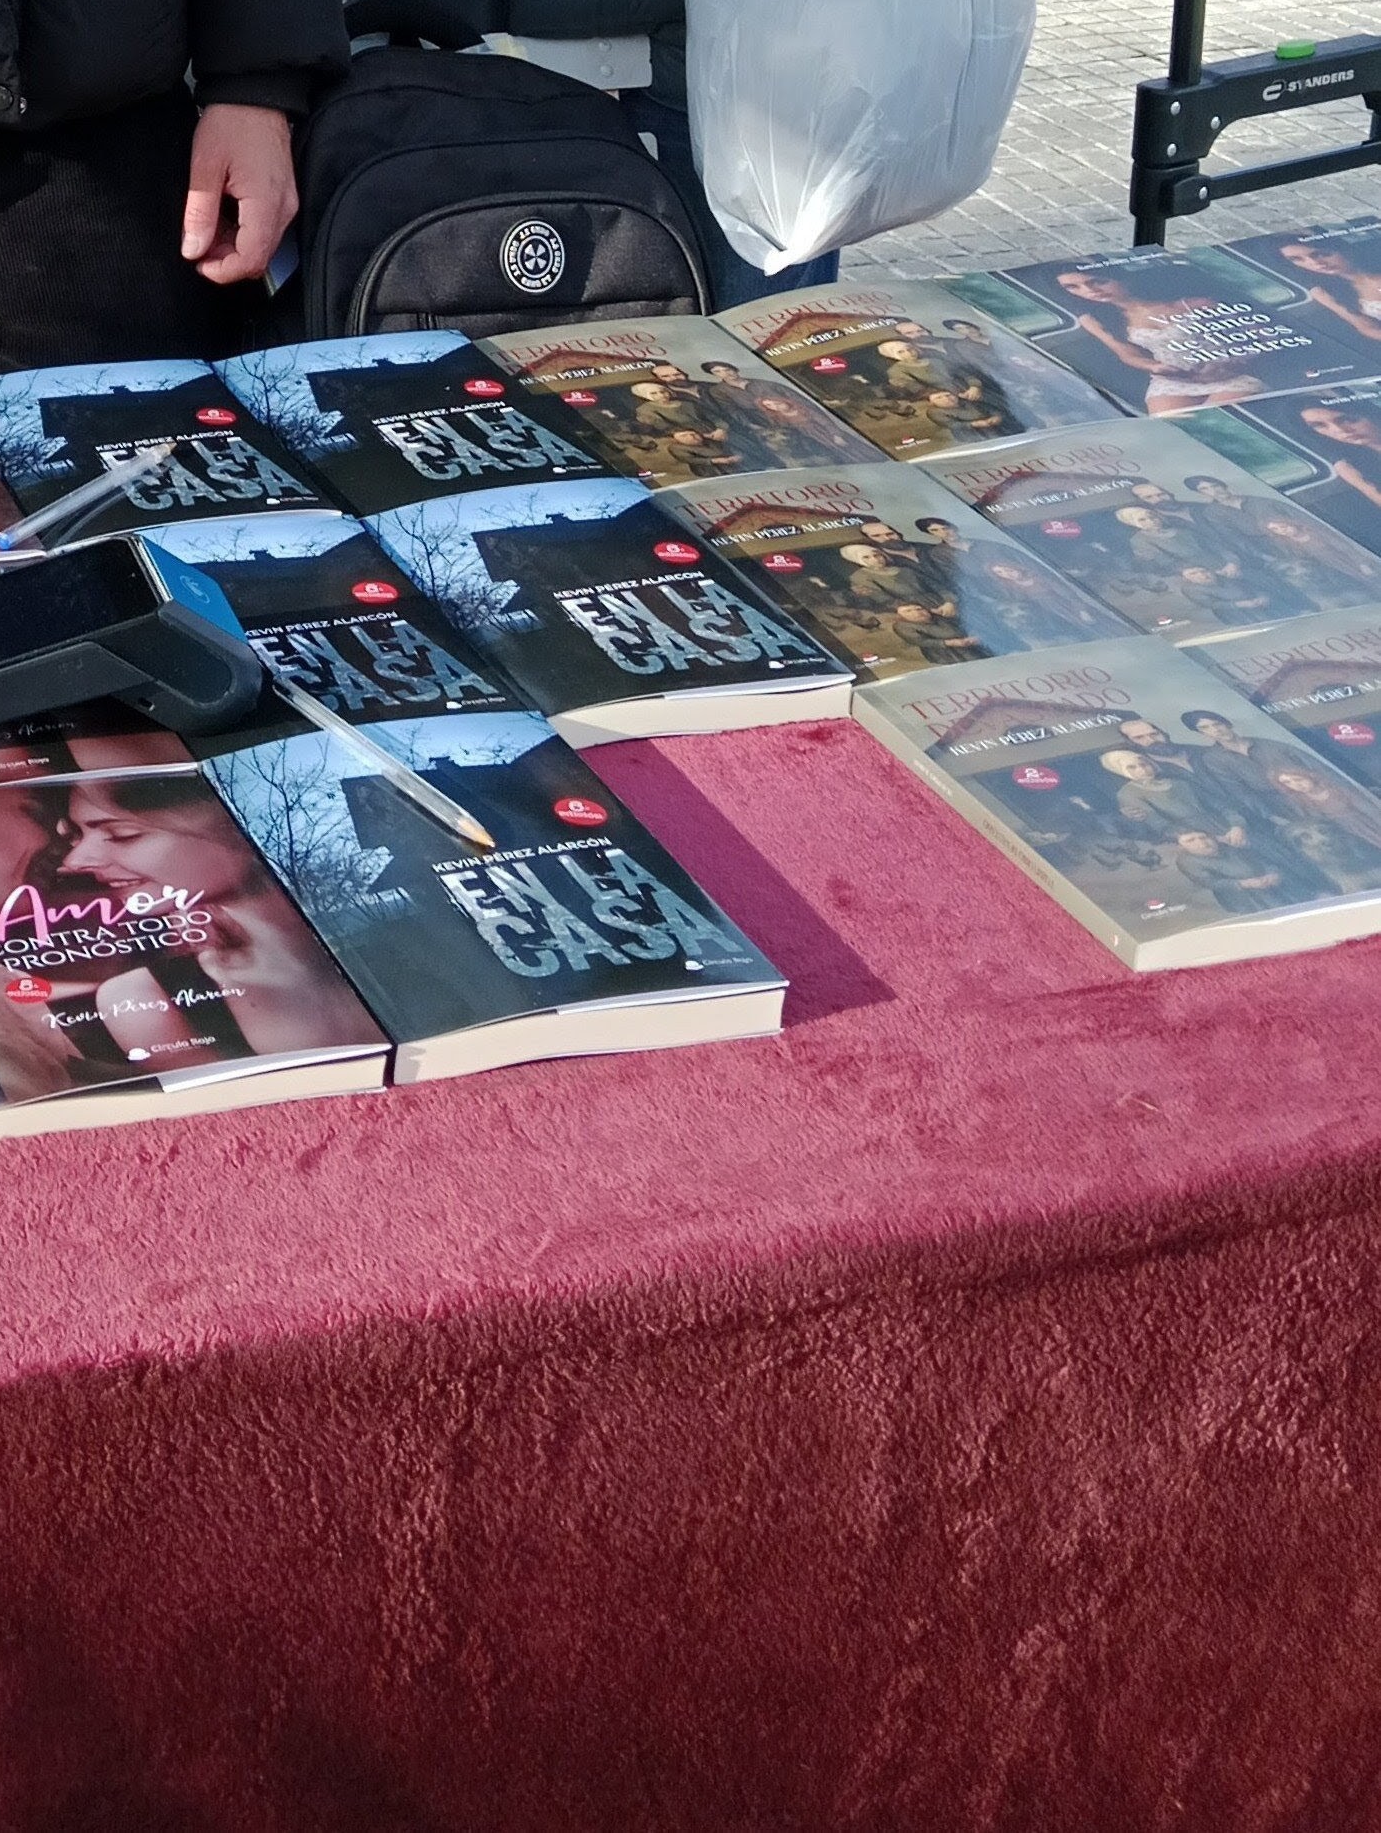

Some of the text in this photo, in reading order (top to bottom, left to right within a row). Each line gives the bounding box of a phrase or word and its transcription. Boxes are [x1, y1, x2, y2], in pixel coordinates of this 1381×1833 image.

[1148, 302, 1252, 325] Vestido
[1176, 313, 1271, 336] blanco
[1166, 324, 1294, 354] de flores
[1183, 335, 1313, 364] silvestres
[402, 424, 602, 481] CASA
[121, 458, 315, 511] CASA
[553, 570, 705, 601] KEVIN PÉREZ ALARCÓN
[559, 579, 745, 632] EN LA
[350, 619, 430, 659] LA
[592, 611, 824, 675] CASA
[901, 665, 1113, 720] TERRITORIO
[949, 735, 1000, 758] KEVIN
[998, 725, 1050, 746] PÉREZ
[1051, 712, 1124, 737] ALARCÓN
[432, 835, 612, 875] KEVIN PÉREZ ALARCÓN
[440, 848, 660, 923] EN LA
[119, 909, 213, 939] TODO
[475, 893, 746, 979] CASA
[3, 926, 208, 973] PRONÓSTICO
[40, 1007, 107, 1030] Kevin
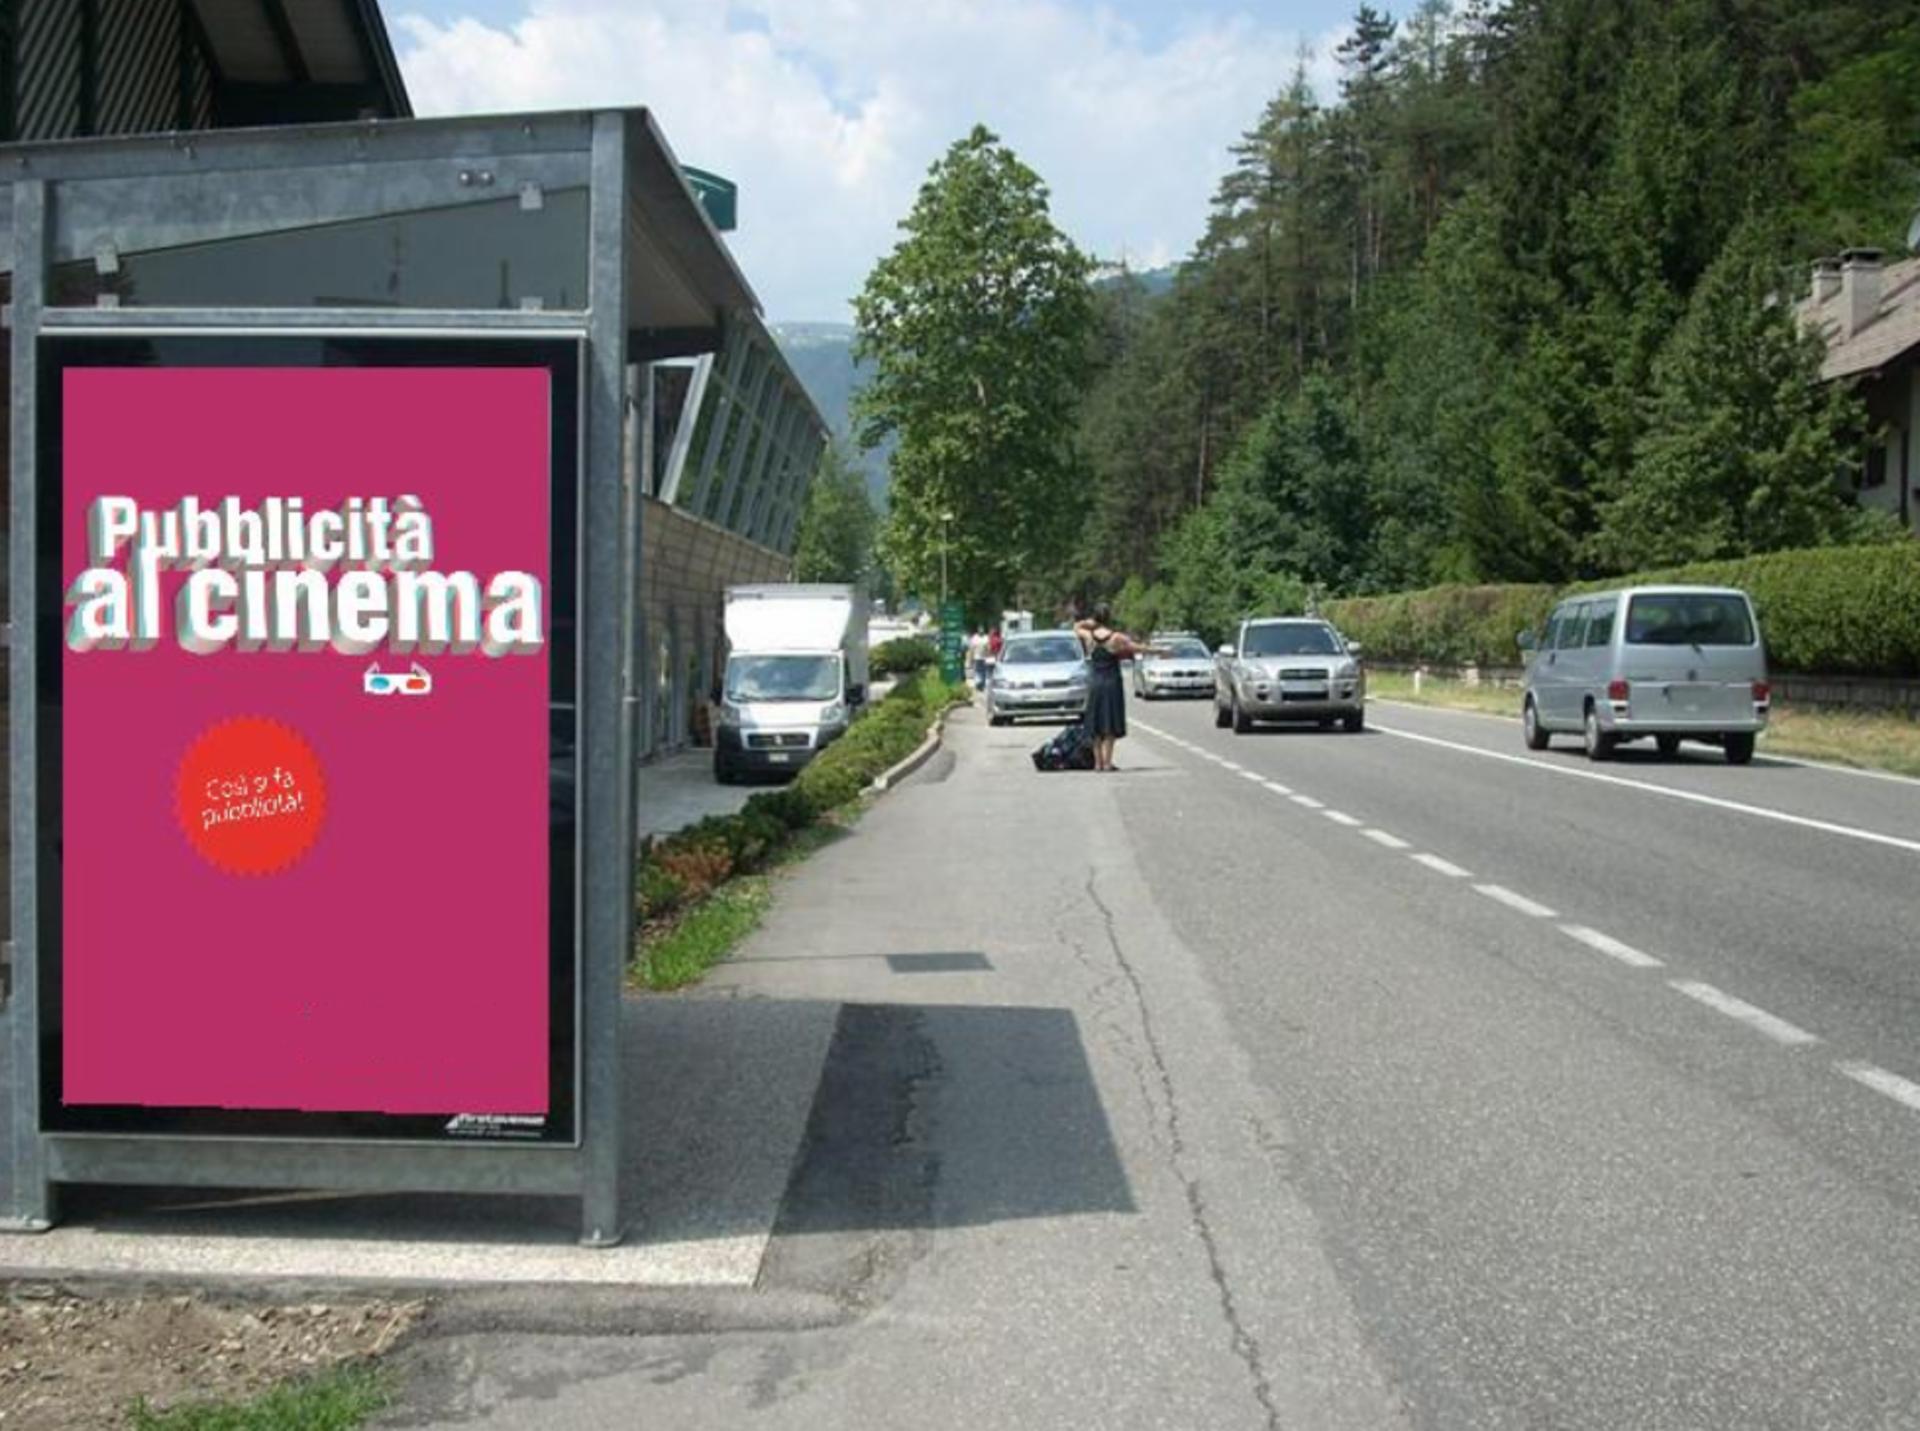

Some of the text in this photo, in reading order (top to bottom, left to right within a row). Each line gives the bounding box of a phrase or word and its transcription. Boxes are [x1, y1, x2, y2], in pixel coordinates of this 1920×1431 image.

[91, 494, 434, 566] Pubblicità
[67, 546, 545, 656] al cinema
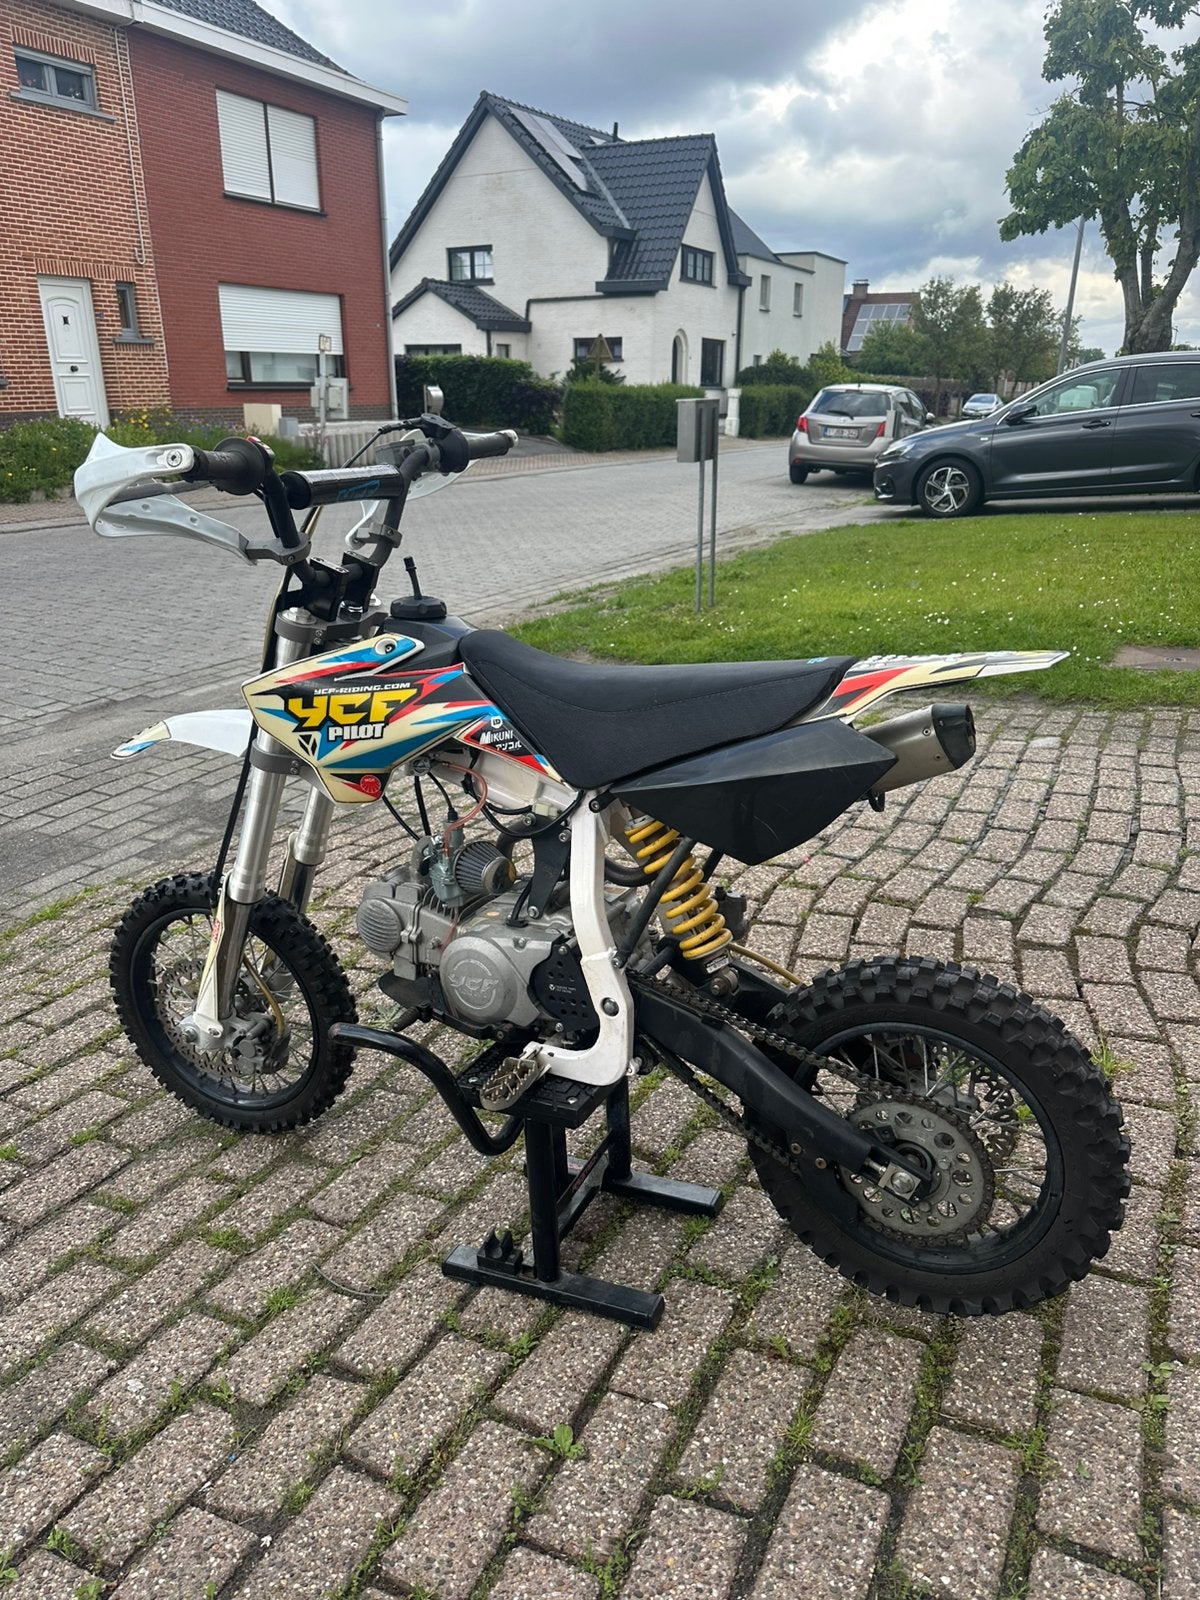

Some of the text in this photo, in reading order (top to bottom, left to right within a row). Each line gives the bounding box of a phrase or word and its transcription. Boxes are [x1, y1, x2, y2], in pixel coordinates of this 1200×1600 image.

+ + + +

#### Task requirements:
From the first line to the last, retype the material exactly and exclude the pictures.

#### Task output:
Some of the text in this photo, in reading order (top to bottom, left to right within a row). Each line gives the bounding box of a phrase or word and its transcription. Boxes are [x1, y1, x2, y2], in pixel coordinates of this 1381×1833 image.

[1148, 302, 1252, 325] Vestido
[1176, 313, 1271, 336] blanco
[1166, 324, 1294, 354] de flores
[1183, 335, 1313, 364] silvestres
[402, 424, 602, 481] CASA
[121, 458, 315, 511] CASA
[553, 570, 705, 601] KEVIN PÉREZ ALARCÓN
[559, 579, 745, 632] EN LA
[350, 619, 430, 659] LA
[592, 611, 824, 675] CASA
[901, 665, 1113, 720] TERRITORIO
[949, 735, 1000, 758] KEVIN
[998, 725, 1050, 746] PÉREZ
[1051, 712, 1124, 737] ALARCÓN
[432, 835, 612, 875] KEVIN PÉREZ ALARCÓN
[440, 848, 660, 923] EN LA
[119, 909, 213, 939] TODO
[475, 893, 746, 979] CASA
[3, 926, 208, 973] PRONÓSTICO
[40, 1007, 107, 1030] Kevin

Some of the text in this photo, in reading order (top to bottom, left to right within a row). Each line gives the bounding box of a phrase or word and its transcription. Boxes are [x1, y1, x2, y2], in pixel coordinates of this 1920×1431 image.

[91, 494, 434, 566] Pubblicità
[67, 546, 545, 656] al cinema

Some of the text in this photo, in reading order (top to bottom, left to right within a row). Each line gives the bounding box of a phrase or word and its transcription. Boxes are [x1, y1, x2, y2], in pixel coordinates of this 1200×1600 image.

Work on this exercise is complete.